The other way is to start synthesis from 7-aminocephalosporanic acid, to which it is necessary to insert a methoxy group at C7. In one of the examples of the synthesis of cefoxitin starting from cefamicin C, the free amino group is initially protected via tosylation, and the product in the form of a well-crystallizing dicyclohexylamine salt is isolated (32.1.2.28). Next, the carbonyl group at position 2 of the cephalosporanic system is esterified using methylchloromethyl ether. The resulting compound (32.1.2.29) is reacted with 2-(2-thienyl)acetylchloride, then the ester protection is removed from the carboxylic group with hydrogen chloride in methanol, producing the desired cefoxitin (32.1.2.30).

Another way for the synthesis of cefoxitin is started from 7-aminocephalosporanic acid, more correct, from its benzhydryl ester (32.1.2.31), which is synthesized by previous tosylation of the amino group of the initial 7-aminocephalosporanic acid, esterification of the carboxyl group by diphenyldiazomethane, and subsequent removal of the tosyl protection.
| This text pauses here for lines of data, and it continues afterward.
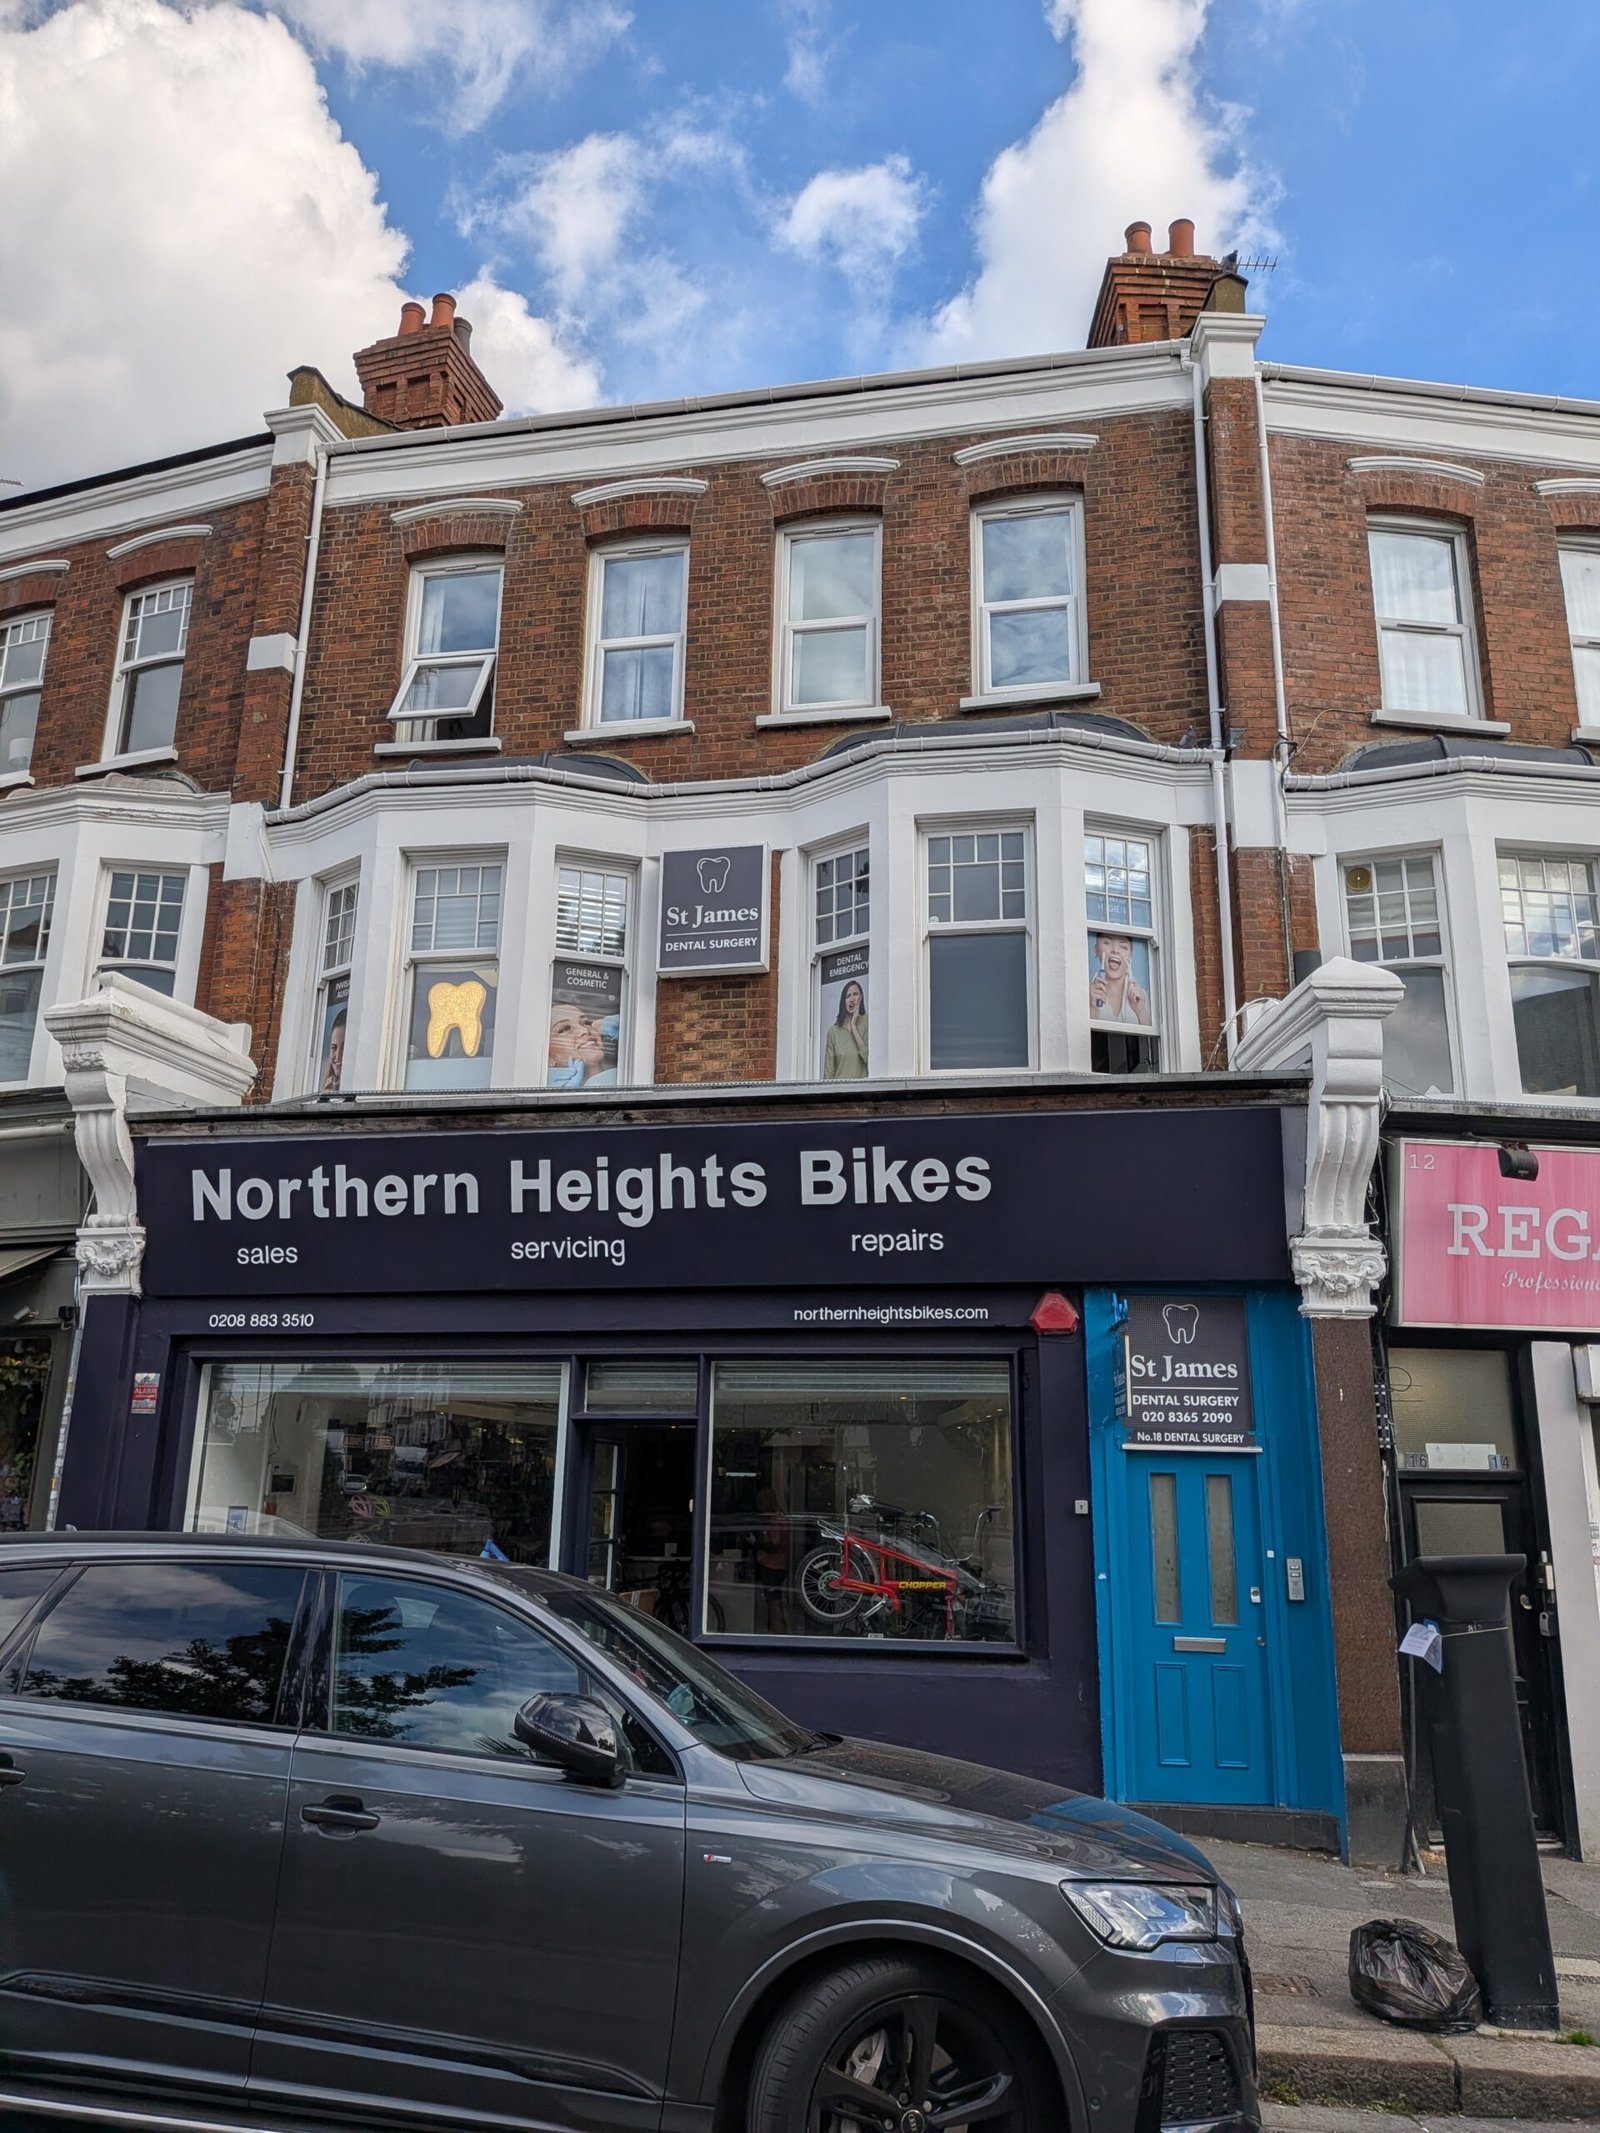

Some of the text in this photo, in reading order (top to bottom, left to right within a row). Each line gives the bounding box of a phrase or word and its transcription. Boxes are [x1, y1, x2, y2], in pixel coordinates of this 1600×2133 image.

[666, 905, 759, 928] St James
[665, 937, 758, 952] DENTAL SURGERY
[836, 953, 862, 966] DENTAL
[565, 967, 609, 980] GENERAL &
[829, 960, 869, 977] EMERGENCY
[567, 976, 608, 989] COSMETIC
[1408, 1154, 1436, 1170] 12
[191, 1146, 992, 1227] Northern Heights Bikes
[1447, 1203, 1600, 1261] REG
[851, 1229, 944, 1256] repairs
[236, 1244, 299, 1265] sales
[510, 1236, 626, 1267] servicing
[209, 1313, 314, 1327] 0208 883 3510
[794, 1306, 989, 1323] northernheightsbikes.com
[1131, 1354, 1238, 1382] St James
[1132, 1395, 1180, 1406] DENTAL
[1183, 1395, 1239, 1407] SURGERY
[1142, 1412, 1233, 1423] 020 8365 2090
[1137, 1432, 1244, 1444] No.18 DENTAL SURGERY
[1409, 1454, 1427, 1468] 16
[898, 1581, 947, 1589] CHOPPER
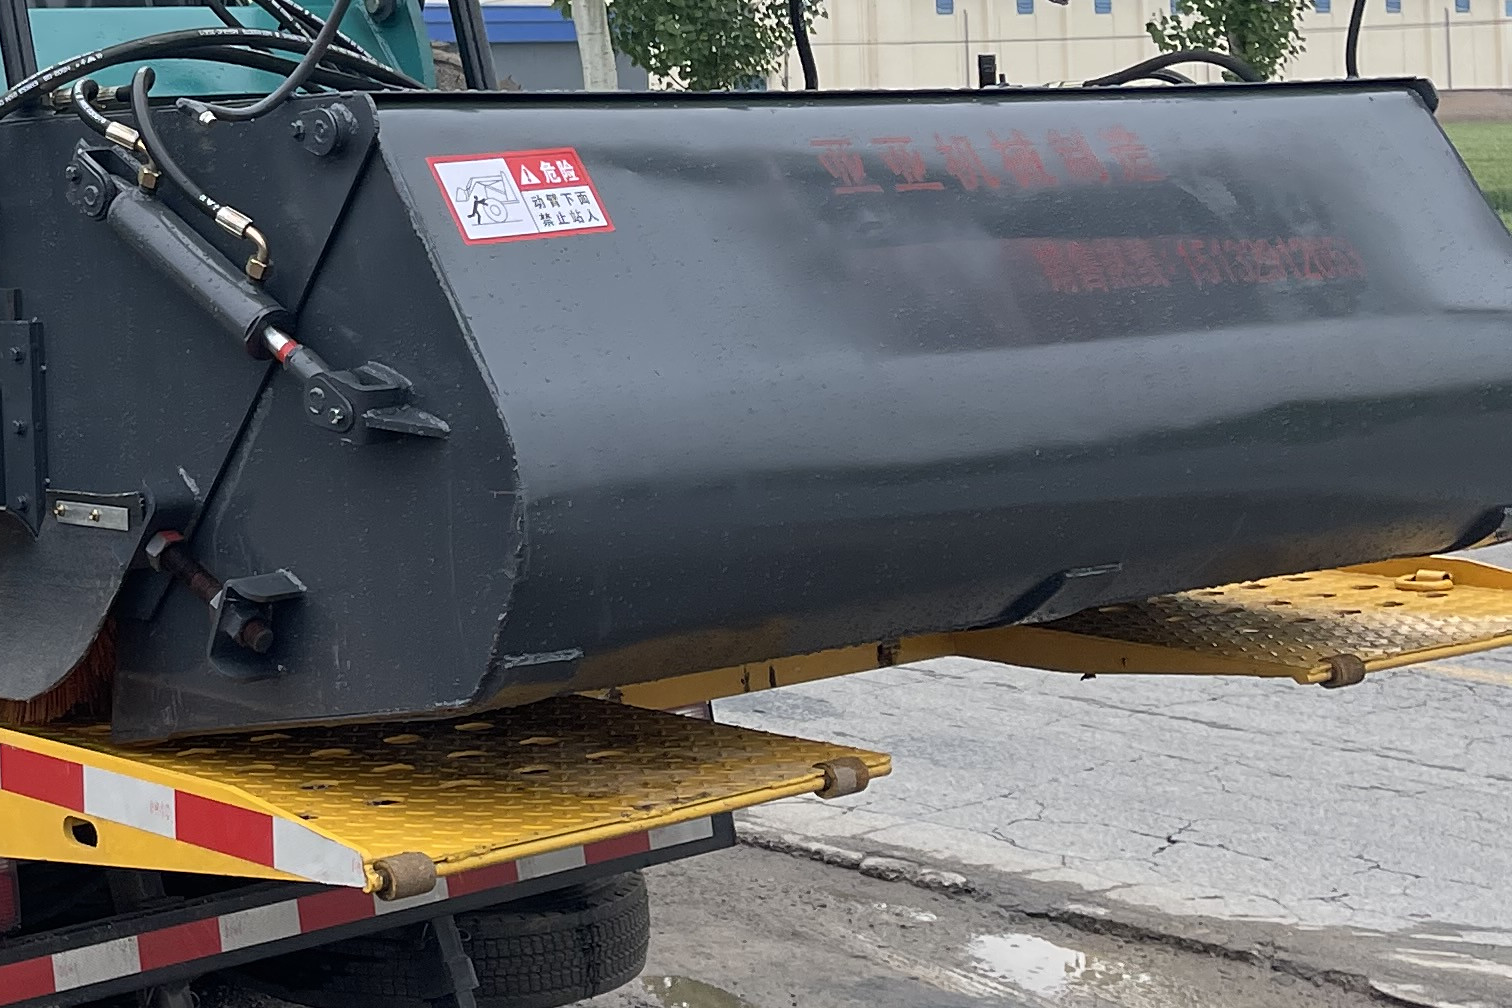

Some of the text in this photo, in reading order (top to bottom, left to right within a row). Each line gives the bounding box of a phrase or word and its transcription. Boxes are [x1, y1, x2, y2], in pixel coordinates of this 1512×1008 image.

When reacted with nitrous acid, the product is diazotized, giving the diphenyl methyl ester of 7-diazocephalosporanic acid (32.1.2.32). A subsequent reaction of the resulting compound with triethylammonium azide in dichloromethane and then with bromine azide gives the diphenyl methyl ester of 7-bromo-7-azidocephalosporanic acid (32.1.2.33). Treating this with methanol in the presence of silver borofluoride results in the replacement of the bromine atom, giving the diphenylmethyl ester of 7-methoxy-7-azidocephalosporanic acid (32.1.2.34). The resulting azide is reduced by hydrogen in the presence of a platinum oxide catalyst, forming the diphenyl methyl ester of 7-methoxy-7-aminocephalosporanic acid (32.1.2.35). Acylation of this compound with 2-(2-thienyl)acetylchloride gives the benzhydryl ester of 7-methoxy-7-[2-(2-thienyl)-acetamido]cephalosporanic acid (32.1.2.36), the ester protecting group of which is hydrolyzed using trifluoroacetic acid and then upon reacting the resulting acid with sodium bicarbonate, it is transformed to the potassium salt (32.1.2.37). The resulting product is then hydrolyzed by the enzyme Citrusi acetylesterase to the potassium salt of 3-hydroxymethyl-7-methoxy-7-[2-(2-thienyl)acetamido]-3-cefem- 4-carboxylic acid (32.1.2.38). Using the method described above, i.e. the initial reaction with chlorosulfonyl isocyanate followed by hydrolysis with water, the resulting compound, (32.1.2.38), is transformed to the desired cefoxitin (32.1.2.20).